Stored items:
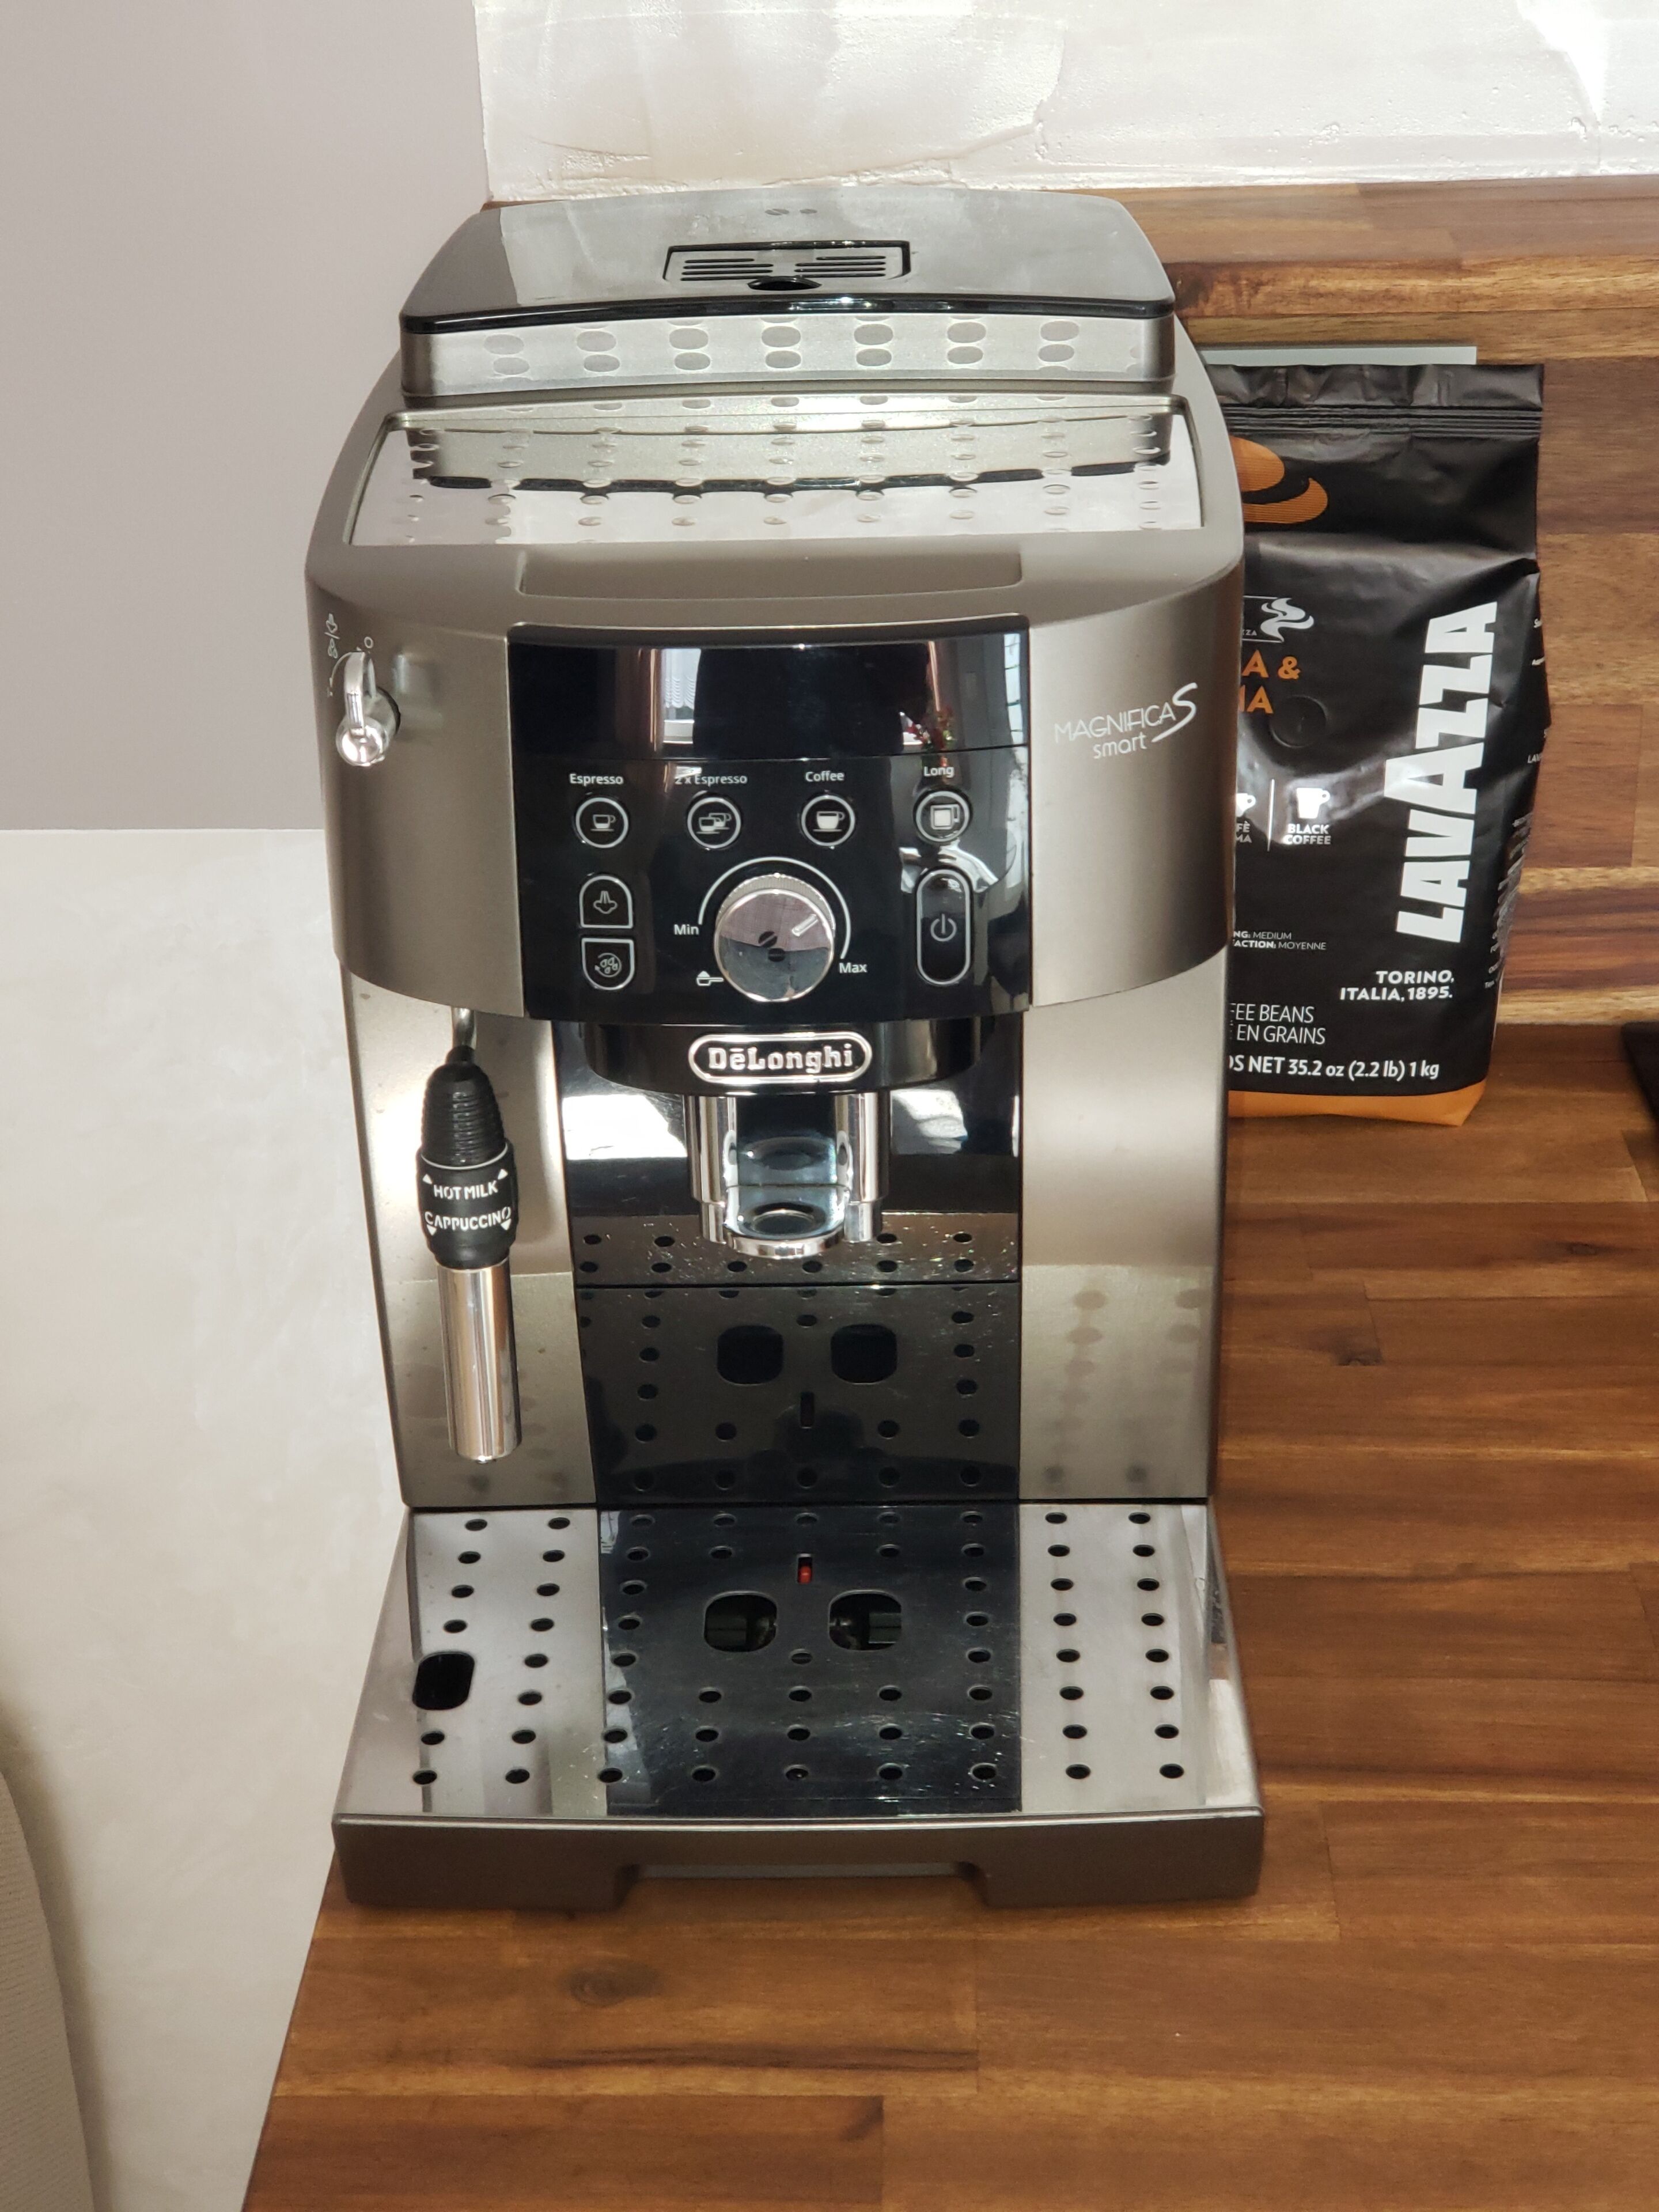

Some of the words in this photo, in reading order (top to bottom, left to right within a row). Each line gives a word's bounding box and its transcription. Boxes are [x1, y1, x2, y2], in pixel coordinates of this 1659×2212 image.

[1277, 656, 1301, 679] &
[1054, 702, 1176, 744] MAGNIFICA
[1093, 732, 1147, 759] smart
[805, 770, 845, 782] Coffee
[924, 766, 955, 778] Long
[1384, 601, 1497, 942] LAVAZZA
[569, 773, 624, 787] Espresso
[695, 774, 748, 787] Espresso
[1287, 823, 1330, 835] BLACK
[1285, 834, 1331, 845] COFFEE
[674, 923, 699, 935] Min
[1253, 931, 1291, 940] MEDIUM
[1232, 939, 1276, 949] ACTION:
[1278, 941, 1327, 950] MOYENNE
[839, 962, 868, 974] Max
[1376, 969, 1455, 984] TORINO,
[1339, 987, 1405, 1002] ITALIA,
[1407, 986, 1453, 1001] 1895.
[1259, 1004, 1315, 1024] BEANS
[1237, 1024, 1260, 1041] EN
[1263, 1025, 1326, 1045] GRAINS
[1248, 1055, 1285, 1074] NET
[1287, 1059, 1323, 1076] 35.2
[1325, 1065, 1344, 1077] oz
[1348, 1060, 1380, 1082] (2.2
[1383, 1060, 1406, 1082] lb)
[1410, 1062, 1417, 1077] 1
[1420, 1060, 1440, 1080] kg
[434, 1184, 462, 1200] HOT
[464, 1180, 498, 1200] MILK
[424, 1206, 512, 1231] CAPPUCCINO

Problem: Set down the entries above exactly, and keep every picture out of your copy.

Response for this exercise:
Some of the words in this photo, in reading order (top to bottom, left to right within a row). Each line gives a word's bounding box and its transcription. Boxes are [x1, y1, x2, y2], in pixel coordinates of this 1659×2212 image.

[1277, 656, 1301, 679] &
[1054, 702, 1176, 744] MAGNIFICA
[1093, 732, 1147, 759] smart
[805, 770, 845, 782] Coffee
[924, 766, 955, 778] Long
[1384, 601, 1497, 942] LAVAZZA
[569, 773, 624, 787] Espresso
[695, 774, 748, 787] Espresso
[1287, 823, 1330, 835] BLACK
[1285, 834, 1331, 845] COFFEE
[674, 923, 699, 935] Min
[1253, 931, 1291, 940] MEDIUM
[1232, 939, 1276, 949] ACTION:
[1278, 941, 1327, 950] MOYENNE
[839, 962, 868, 974] Max
[1376, 969, 1455, 984] TORINO,
[1339, 987, 1405, 1002] ITALIA,
[1407, 986, 1453, 1001] 1895.
[1259, 1004, 1315, 1024] BEANS
[1237, 1024, 1260, 1041] EN
[1263, 1025, 1326, 1045] GRAINS
[1248, 1055, 1285, 1074] NET
[1287, 1059, 1323, 1076] 35.2
[1325, 1065, 1344, 1077] oz
[1348, 1060, 1380, 1082] (2.2
[1383, 1060, 1406, 1082] lb)
[1410, 1062, 1417, 1077] 1
[1420, 1060, 1440, 1080] kg
[434, 1184, 462, 1200] HOT
[464, 1180, 498, 1200] MILK
[424, 1206, 512, 1231] CAPPUCCINO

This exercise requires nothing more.